• [ABOUT THIS TASK] Each record is to be printed exactly as given, down to the last mark.
[[ RECORDS FOR THE EXERCISE open ]]
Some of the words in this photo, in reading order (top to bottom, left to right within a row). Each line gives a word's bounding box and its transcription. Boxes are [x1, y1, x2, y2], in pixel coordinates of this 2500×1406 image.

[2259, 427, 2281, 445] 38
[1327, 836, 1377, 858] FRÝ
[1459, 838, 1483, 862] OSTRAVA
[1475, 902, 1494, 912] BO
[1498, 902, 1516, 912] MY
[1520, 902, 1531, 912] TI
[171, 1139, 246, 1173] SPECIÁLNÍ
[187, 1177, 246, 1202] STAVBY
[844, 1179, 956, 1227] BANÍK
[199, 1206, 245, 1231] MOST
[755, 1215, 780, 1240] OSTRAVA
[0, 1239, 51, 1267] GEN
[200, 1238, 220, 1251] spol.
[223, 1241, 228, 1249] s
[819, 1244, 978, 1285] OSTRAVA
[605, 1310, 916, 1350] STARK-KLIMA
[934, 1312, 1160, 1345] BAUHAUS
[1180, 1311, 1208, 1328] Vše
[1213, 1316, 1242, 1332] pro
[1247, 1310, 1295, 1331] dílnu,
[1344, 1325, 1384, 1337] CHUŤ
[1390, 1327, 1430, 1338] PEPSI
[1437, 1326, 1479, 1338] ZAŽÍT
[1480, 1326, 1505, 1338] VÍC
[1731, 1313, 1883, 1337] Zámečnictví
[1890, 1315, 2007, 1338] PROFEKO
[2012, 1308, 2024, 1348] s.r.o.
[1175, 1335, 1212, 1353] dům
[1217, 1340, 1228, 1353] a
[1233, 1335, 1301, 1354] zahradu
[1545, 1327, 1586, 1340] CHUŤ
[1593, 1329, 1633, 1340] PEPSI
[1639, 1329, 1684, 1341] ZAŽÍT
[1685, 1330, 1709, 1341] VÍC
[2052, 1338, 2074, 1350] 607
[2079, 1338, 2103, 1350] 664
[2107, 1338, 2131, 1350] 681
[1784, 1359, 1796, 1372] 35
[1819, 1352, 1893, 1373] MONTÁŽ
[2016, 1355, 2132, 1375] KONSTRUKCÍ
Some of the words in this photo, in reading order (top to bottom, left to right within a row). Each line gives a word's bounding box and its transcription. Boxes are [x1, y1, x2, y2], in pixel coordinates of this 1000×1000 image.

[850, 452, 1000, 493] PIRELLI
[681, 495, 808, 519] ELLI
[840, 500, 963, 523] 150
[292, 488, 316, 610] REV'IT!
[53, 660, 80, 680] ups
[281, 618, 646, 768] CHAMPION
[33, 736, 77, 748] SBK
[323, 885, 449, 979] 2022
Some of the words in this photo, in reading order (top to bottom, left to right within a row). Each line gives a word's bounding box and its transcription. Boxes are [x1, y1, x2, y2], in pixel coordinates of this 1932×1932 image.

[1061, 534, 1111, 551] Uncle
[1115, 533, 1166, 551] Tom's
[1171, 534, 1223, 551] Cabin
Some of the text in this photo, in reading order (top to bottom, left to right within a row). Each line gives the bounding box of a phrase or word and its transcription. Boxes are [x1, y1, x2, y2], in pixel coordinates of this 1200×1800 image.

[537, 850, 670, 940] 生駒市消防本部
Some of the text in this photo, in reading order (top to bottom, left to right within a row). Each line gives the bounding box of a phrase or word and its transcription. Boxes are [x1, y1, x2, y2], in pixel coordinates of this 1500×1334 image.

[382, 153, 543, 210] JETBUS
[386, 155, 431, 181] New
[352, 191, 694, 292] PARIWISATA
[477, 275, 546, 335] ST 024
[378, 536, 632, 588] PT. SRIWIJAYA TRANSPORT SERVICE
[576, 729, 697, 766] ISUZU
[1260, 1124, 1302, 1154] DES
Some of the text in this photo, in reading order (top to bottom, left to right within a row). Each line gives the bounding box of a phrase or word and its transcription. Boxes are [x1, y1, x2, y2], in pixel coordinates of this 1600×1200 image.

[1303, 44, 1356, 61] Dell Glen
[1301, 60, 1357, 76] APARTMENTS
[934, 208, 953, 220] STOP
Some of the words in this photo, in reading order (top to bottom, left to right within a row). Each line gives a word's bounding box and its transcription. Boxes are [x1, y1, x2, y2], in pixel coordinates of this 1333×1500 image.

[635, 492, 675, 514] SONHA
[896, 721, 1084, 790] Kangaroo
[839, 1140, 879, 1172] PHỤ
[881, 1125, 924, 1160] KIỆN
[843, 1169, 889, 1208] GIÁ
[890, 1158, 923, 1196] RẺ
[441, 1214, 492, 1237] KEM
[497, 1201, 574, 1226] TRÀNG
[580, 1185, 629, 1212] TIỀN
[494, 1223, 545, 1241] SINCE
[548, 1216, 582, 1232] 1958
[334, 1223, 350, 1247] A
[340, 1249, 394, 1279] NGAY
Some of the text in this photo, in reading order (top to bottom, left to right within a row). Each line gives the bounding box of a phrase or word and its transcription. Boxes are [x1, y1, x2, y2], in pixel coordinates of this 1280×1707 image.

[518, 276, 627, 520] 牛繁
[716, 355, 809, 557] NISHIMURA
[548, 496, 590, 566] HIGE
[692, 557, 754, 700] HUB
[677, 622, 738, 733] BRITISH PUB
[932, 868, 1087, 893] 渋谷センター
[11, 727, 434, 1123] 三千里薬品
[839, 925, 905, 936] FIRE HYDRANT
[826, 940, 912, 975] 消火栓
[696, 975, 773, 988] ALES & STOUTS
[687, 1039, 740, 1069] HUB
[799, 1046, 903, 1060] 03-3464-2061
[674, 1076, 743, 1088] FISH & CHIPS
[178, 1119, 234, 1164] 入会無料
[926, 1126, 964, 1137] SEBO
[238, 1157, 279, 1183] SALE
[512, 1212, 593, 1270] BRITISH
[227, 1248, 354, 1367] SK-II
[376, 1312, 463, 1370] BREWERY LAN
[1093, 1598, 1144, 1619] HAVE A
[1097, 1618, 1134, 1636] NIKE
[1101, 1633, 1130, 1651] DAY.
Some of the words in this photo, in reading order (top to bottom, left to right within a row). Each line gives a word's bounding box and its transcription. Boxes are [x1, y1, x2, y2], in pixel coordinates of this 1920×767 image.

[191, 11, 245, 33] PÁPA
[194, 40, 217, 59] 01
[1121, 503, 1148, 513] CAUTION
[[ RECORDS FOR THE EXERCISE closed ]]
• [EXPECTED ANSWER]
Some of the words in this photo, in reading order (top to bottom, left to right within a row). Each line gives a word's bounding box and its transcription. Boxes are [x1, y1, x2, y2], in pixel coordinates of this 2500×1406 image.

[2259, 427, 2281, 445] 38
[1327, 836, 1377, 858] FRÝ
[1459, 838, 1483, 862] OSTRAVA
[1475, 902, 1494, 912] BO
[1498, 902, 1516, 912] MY
[1520, 902, 1531, 912] TI
[171, 1139, 246, 1173] SPECIÁLNÍ
[187, 1177, 246, 1202] STAVBY
[844, 1179, 956, 1227] BANÍK
[199, 1206, 245, 1231] MOST
[755, 1215, 780, 1240] OSTRAVA
[0, 1239, 51, 1267] GEN
[200, 1238, 220, 1251] spol.
[223, 1241, 228, 1249] s
[819, 1244, 978, 1285] OSTRAVA
[605, 1310, 916, 1350] STARK-KLIMA
[934, 1312, 1160, 1345] BAUHAUS
[1180, 1311, 1208, 1328] Vše
[1213, 1316, 1242, 1332] pro
[1247, 1310, 1295, 1331] dílnu,
[1344, 1325, 1384, 1337] CHUŤ
[1390, 1327, 1430, 1338] PEPSI
[1437, 1326, 1479, 1338] ZAŽÍT
[1480, 1326, 1505, 1338] VÍC
[1731, 1313, 1883, 1337] Zámečnictví
[1890, 1315, 2007, 1338] PROFEKO
[2012, 1308, 2024, 1348] s.r.o.
[1175, 1335, 1212, 1353] dům
[1217, 1340, 1228, 1353] a
[1233, 1335, 1301, 1354] zahradu
[1545, 1327, 1586, 1340] CHUŤ
[1593, 1329, 1633, 1340] PEPSI
[1639, 1329, 1684, 1341] ZAŽÍT
[1685, 1330, 1709, 1341] VÍC
[2052, 1338, 2074, 1350] 607
[2079, 1338, 2103, 1350] 664
[2107, 1338, 2131, 1350] 681
[1784, 1359, 1796, 1372] 35
[1819, 1352, 1893, 1373] MONTÁŽ
[2016, 1355, 2132, 1375] KONSTRUKCÍ
Some of the words in this photo, in reading order (top to bottom, left to right within a row). Each line gives a word's bounding box and its transcription. Boxes are [x1, y1, x2, y2], in pixel coordinates of this 1000×1000 image.

[850, 452, 1000, 493] PIRELLI
[681, 495, 808, 519] ELLI
[840, 500, 963, 523] 150
[292, 488, 316, 610] REV'IT!
[53, 660, 80, 680] ups
[281, 618, 646, 768] CHAMPION
[33, 736, 77, 748] SBK
[323, 885, 449, 979] 2022
Some of the words in this photo, in reading order (top to bottom, left to right within a row). Each line gives a word's bounding box and its transcription. Boxes are [x1, y1, x2, y2], in pixel coordinates of this 1932×1932 image.

[1061, 534, 1111, 551] Uncle
[1115, 533, 1166, 551] Tom's
[1171, 534, 1223, 551] Cabin
Some of the text in this photo, in reading order (top to bottom, left to right within a row). Each line gives the bounding box of a phrase or word and its transcription. Boxes are [x1, y1, x2, y2], in pixel coordinates of this 1200×1800 image.

[537, 850, 670, 940] 生駒市消防本部
Some of the text in this photo, in reading order (top to bottom, left to right within a row). Each line gives the bounding box of a phrase or word and its transcription. Boxes are [x1, y1, x2, y2], in pixel coordinates of this 1500×1334 image.

[382, 153, 543, 210] JETBUS
[386, 155, 431, 181] New
[352, 191, 694, 292] PARIWISATA
[477, 275, 546, 335] ST 024
[378, 536, 632, 588] PT. SRIWIJAYA TRANSPORT SERVICE
[576, 729, 697, 766] ISUZU
[1260, 1124, 1302, 1154] DES
Some of the text in this photo, in reading order (top to bottom, left to right within a row). Each line gives the bounding box of a phrase or word and its transcription. Boxes are [x1, y1, x2, y2], in pixel coordinates of this 1600×1200 image.

[1303, 44, 1356, 61] Dell Glen
[1301, 60, 1357, 76] APARTMENTS
[934, 208, 953, 220] STOP
Some of the words in this photo, in reading order (top to bottom, left to right within a row). Each line gives a word's bounding box and its transcription. Boxes are [x1, y1, x2, y2], in pixel coordinates of this 1333×1500 image.

[635, 492, 675, 514] SONHA
[896, 721, 1084, 790] Kangaroo
[839, 1140, 879, 1172] PHỤ
[881, 1125, 924, 1160] KIỆN
[843, 1169, 889, 1208] GIÁ
[890, 1158, 923, 1196] RẺ
[441, 1214, 492, 1237] KEM
[497, 1201, 574, 1226] TRÀNG
[580, 1185, 629, 1212] TIỀN
[494, 1223, 545, 1241] SINCE
[548, 1216, 582, 1232] 1958
[334, 1223, 350, 1247] A
[340, 1249, 394, 1279] NGAY
Some of the text in this photo, in reading order (top to bottom, left to right within a row). Each line gives the bounding box of a phrase or word and its transcription. Boxes are [x1, y1, x2, y2], in pixel coordinates of this 1280×1707 image.

[518, 276, 627, 520] 牛繁
[716, 355, 809, 557] NISHIMURA
[548, 496, 590, 566] HIGE
[692, 557, 754, 700] HUB
[677, 622, 738, 733] BRITISH PUB
[932, 868, 1087, 893] 渋谷センター
[11, 727, 434, 1123] 三千里薬品
[839, 925, 905, 936] FIRE HYDRANT
[826, 940, 912, 975] 消火栓
[696, 975, 773, 988] ALES & STOUTS
[687, 1039, 740, 1069] HUB
[799, 1046, 903, 1060] 03-3464-2061
[674, 1076, 743, 1088] FISH & CHIPS
[178, 1119, 234, 1164] 入会無料
[926, 1126, 964, 1137] SEBO
[238, 1157, 279, 1183] SALE
[512, 1212, 593, 1270] BRITISH
[227, 1248, 354, 1367] SK-II
[376, 1312, 463, 1370] BREWERY LAN
[1093, 1598, 1144, 1619] HAVE A
[1097, 1618, 1134, 1636] NIKE
[1101, 1633, 1130, 1651] DAY.
Some of the words in this photo, in reading order (top to bottom, left to right within a row). Each line gives a word's bounding box and its transcription. Boxes are [x1, y1, x2, y2], in pixel coordinates of this 1920×767 image.

[191, 11, 245, 33] PÁPA
[194, 40, 217, 59] 01
[1121, 503, 1148, 513] CAUTION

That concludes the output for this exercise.